Problem:
The records below are to be reproduced exactly, with the pictures left out.

[Source data]
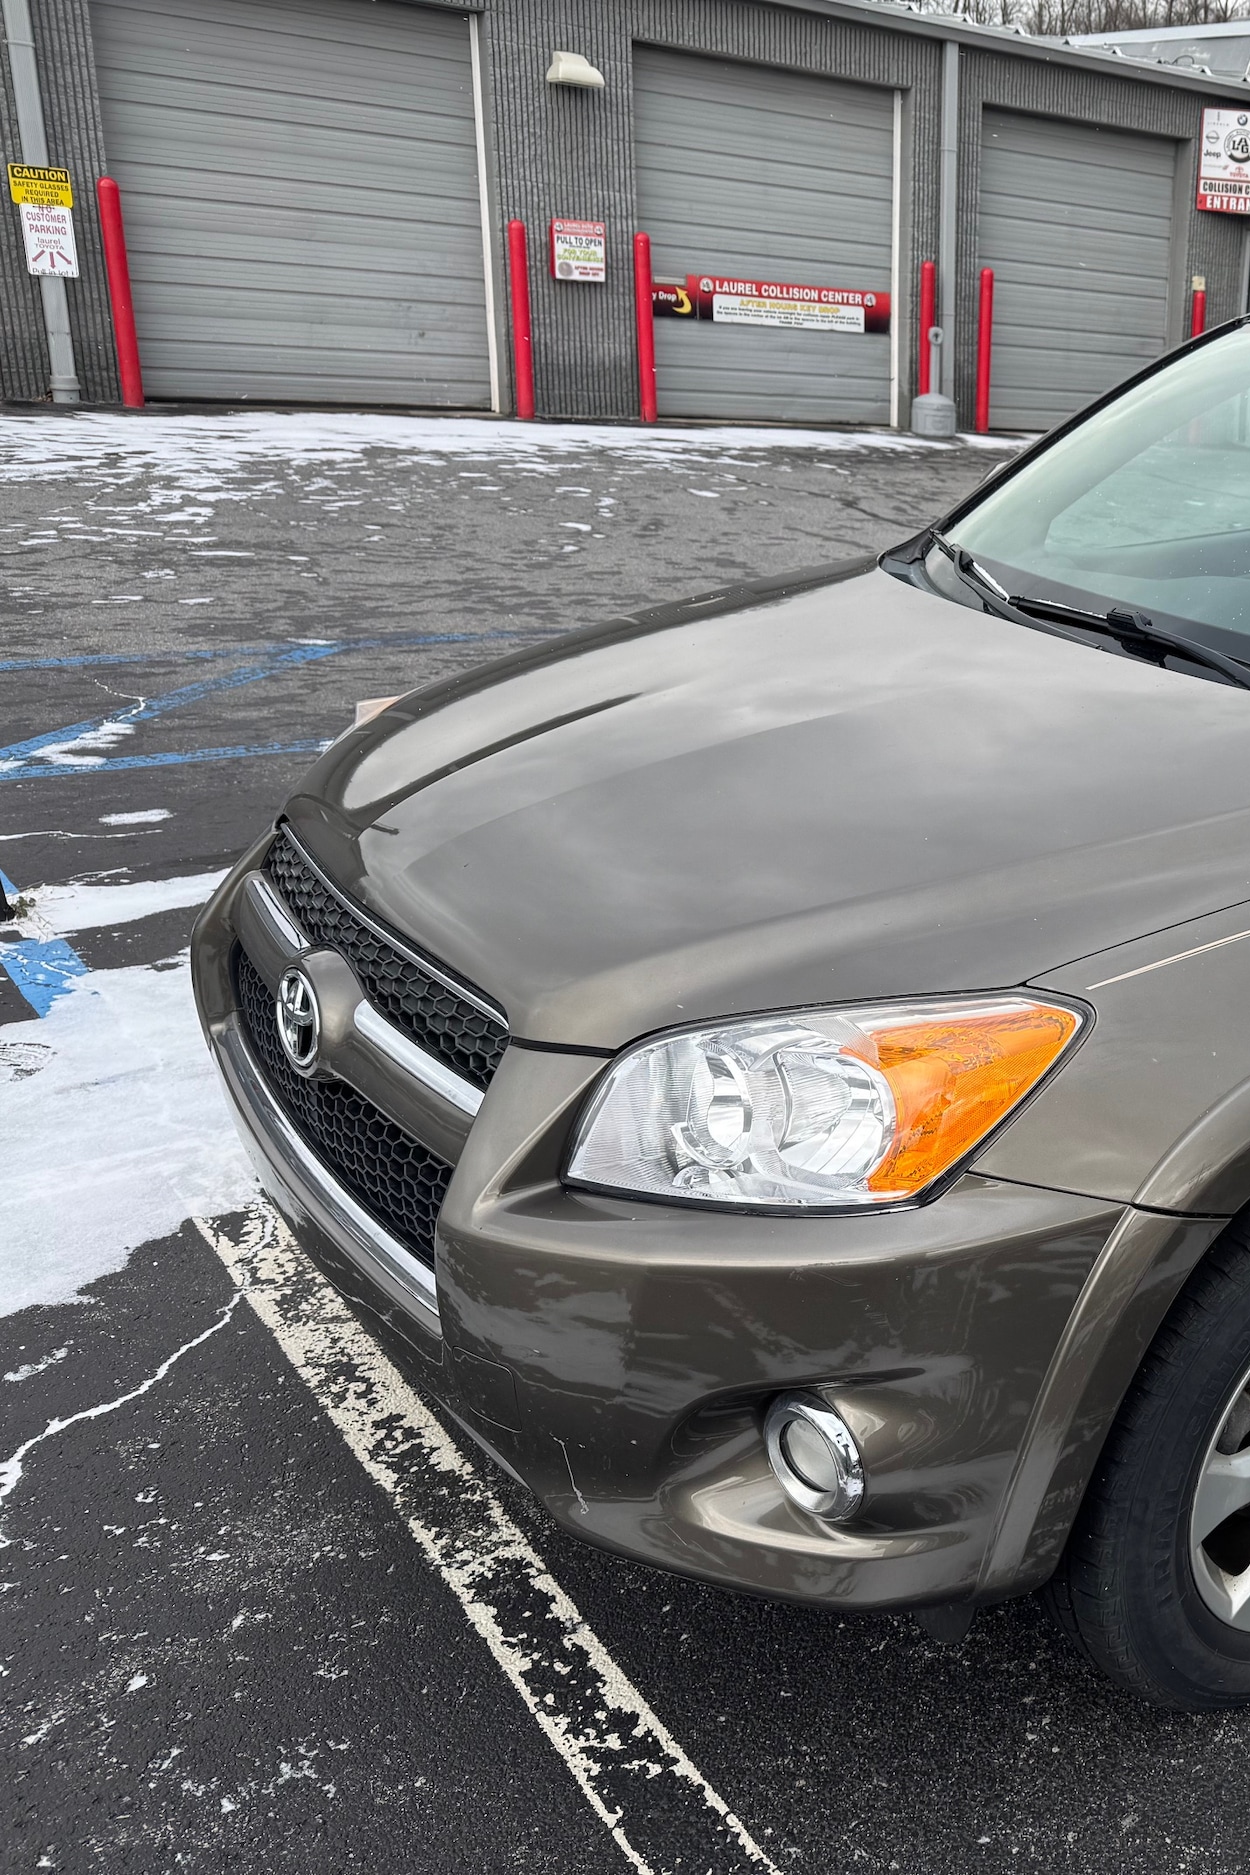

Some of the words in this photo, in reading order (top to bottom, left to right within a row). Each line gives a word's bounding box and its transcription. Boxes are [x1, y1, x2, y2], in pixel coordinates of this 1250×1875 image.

[1203, 149, 1221, 158] Jeep
[13, 167, 66, 182] CAUTION
[13, 180, 38, 189] SAFETY
[39, 183, 69, 192] GLASSES
[1203, 181, 1243, 195] COLLISION
[25, 189, 59, 198] REQUIRED
[30, 196, 45, 204] THIS
[46, 198, 65, 206] AREA
[26, 211, 67, 224] CUSTOMER
[29, 224, 67, 236] PARKING
[37, 237, 61, 245] laurel
[556, 235, 573, 245] PULL
[574, 237, 583, 246] TO
[585, 238, 603, 247] OPEN
[658, 291, 677, 302] Drop
[715, 281, 759, 296] LAUREL
[761, 285, 819, 301] COLLISION
[821, 290, 862, 305] CENTER
[740, 299, 767, 309] AFTER
[769, 301, 798, 311] HOURS
[800, 304, 817, 313] KEY

Reply to the task:
Some of the words in this photo, in reading order (top to bottom, left to right within a row). Each line gives a word's bounding box and its transcription. Boxes are [x1, y1, x2, y2], in pixel coordinates of this 1250×1875 image.

[1203, 149, 1221, 158] Jeep
[13, 167, 66, 182] CAUTION
[13, 180, 38, 189] SAFETY
[39, 183, 69, 192] GLASSES
[1203, 181, 1243, 195] COLLISION
[25, 189, 59, 198] REQUIRED
[30, 196, 45, 204] THIS
[46, 198, 65, 206] AREA
[26, 211, 67, 224] CUSTOMER
[29, 224, 67, 236] PARKING
[37, 237, 61, 245] laurel
[556, 235, 573, 245] PULL
[574, 237, 583, 246] TO
[585, 238, 603, 247] OPEN
[658, 291, 677, 302] Drop
[715, 281, 759, 296] LAUREL
[761, 285, 819, 301] COLLISION
[821, 290, 862, 305] CENTER
[740, 299, 767, 309] AFTER
[769, 301, 798, 311] HOURS
[800, 304, 817, 313] KEY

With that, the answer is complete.